The 1976 United States Senate election in Florida was held on November 2, 1976. Incumbent Democratic U.S. Senator Lawton Chiles won re-election to a second term.

== Republican primary ==
3.7% of the voting age population participated in the Republican primary.

=== Candidates ===

- John Grady, Mayor of Belle Glade, family physician, and the American Independent Party's nominee for U.S. Senate in 1974
- Walter Sims, State Senator
- Helen S. Hanel, lawyer.

=== Results ===

Republican Primary – September 7, 1976
| Party |  | Candidate | Votes | % |
|---|---|---|---|---|
|  | Republican | John Grady | 164,644 | 54.51% |
|  | Republican | Walter Sims | 74,684 | 24.73% |
|  | Republican | Helen S. Hansel | 62,718 | 20.76% |
| Total votes |  |  | 414,207 | 100 |

==General election==

=== Candidates ===
- Timothy L. "Tim" Adams (Independent)
- Lawton Chiles, incumbent U.S. Senator (Democratic)
- John Grady, Mayor of Belle Glade (Republican)
- Ed Ice (Independent)

===Results===
Chiles won in a landslide, dominating most geographic areas of the state. Grady won only Collier County.

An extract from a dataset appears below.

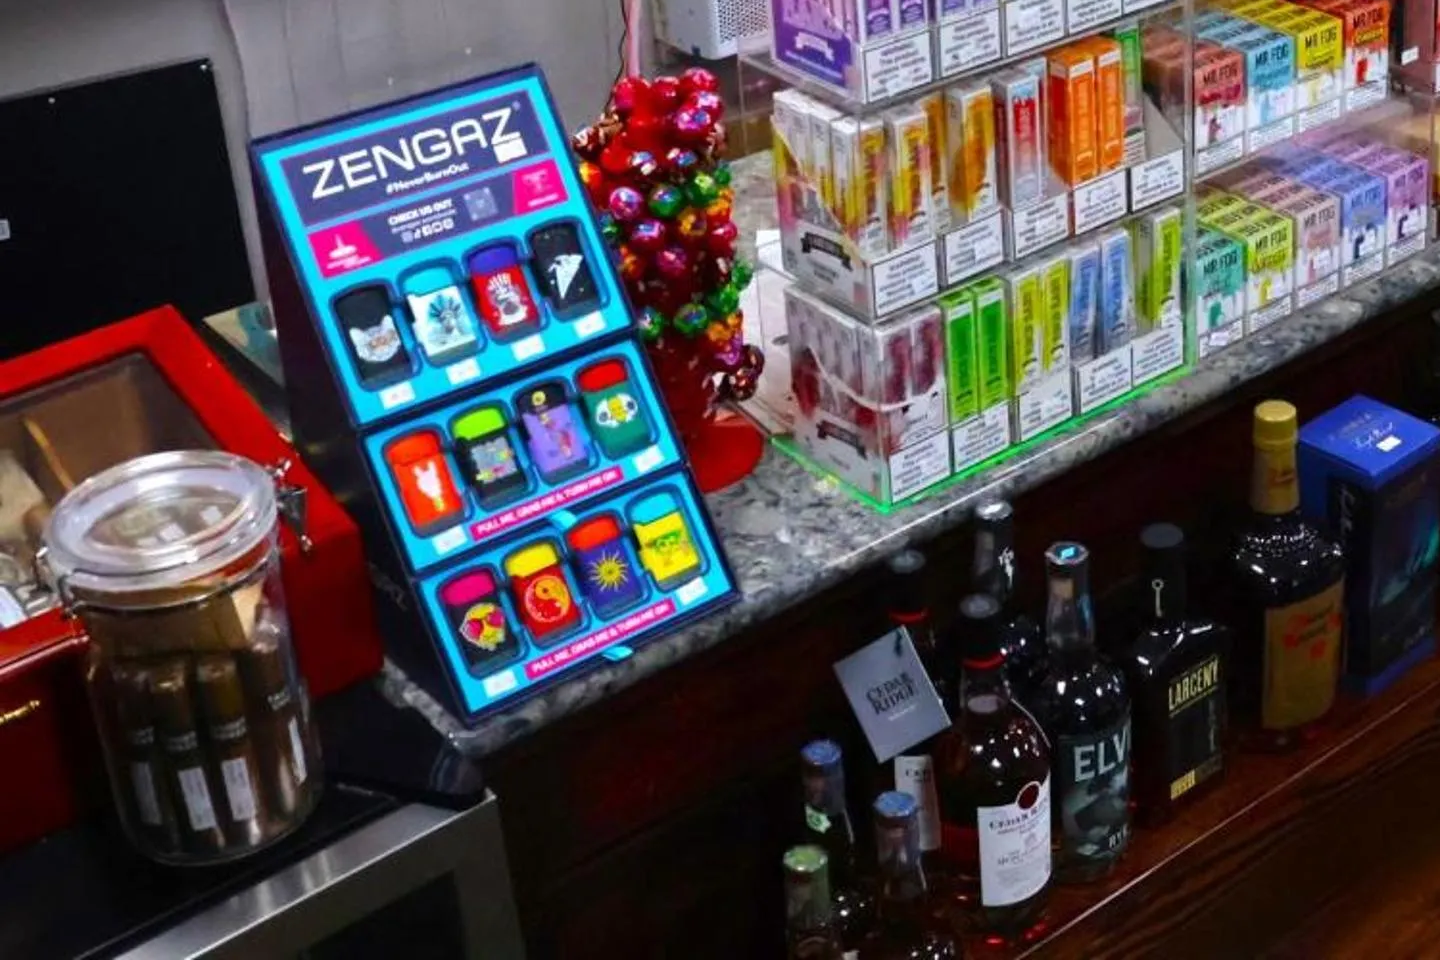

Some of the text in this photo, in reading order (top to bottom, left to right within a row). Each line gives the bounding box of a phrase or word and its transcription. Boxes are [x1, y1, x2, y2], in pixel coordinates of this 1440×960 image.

United States Senate Election in Florida, 1976
| Party |  | Candidate | Votes | % |
|---|---|---|---|---|
|  | Democratic | Lawton Chiles (incumbent) | 1,799,518 | 62.98% |
|  | Republican | John Grady | 1,057,886 | 37.02% |
|  | Write-in |  | 130 | 0.00% |
| Majority |  |  | 741,632 | 25.96% |
| Turnout |  |  | 2,857,534 | 77% |
|  | Democratic hold |  |  |  |

==See also==
- 1976 United States Senate elections

==Works cited==
- "Party Politics in the South" (1980)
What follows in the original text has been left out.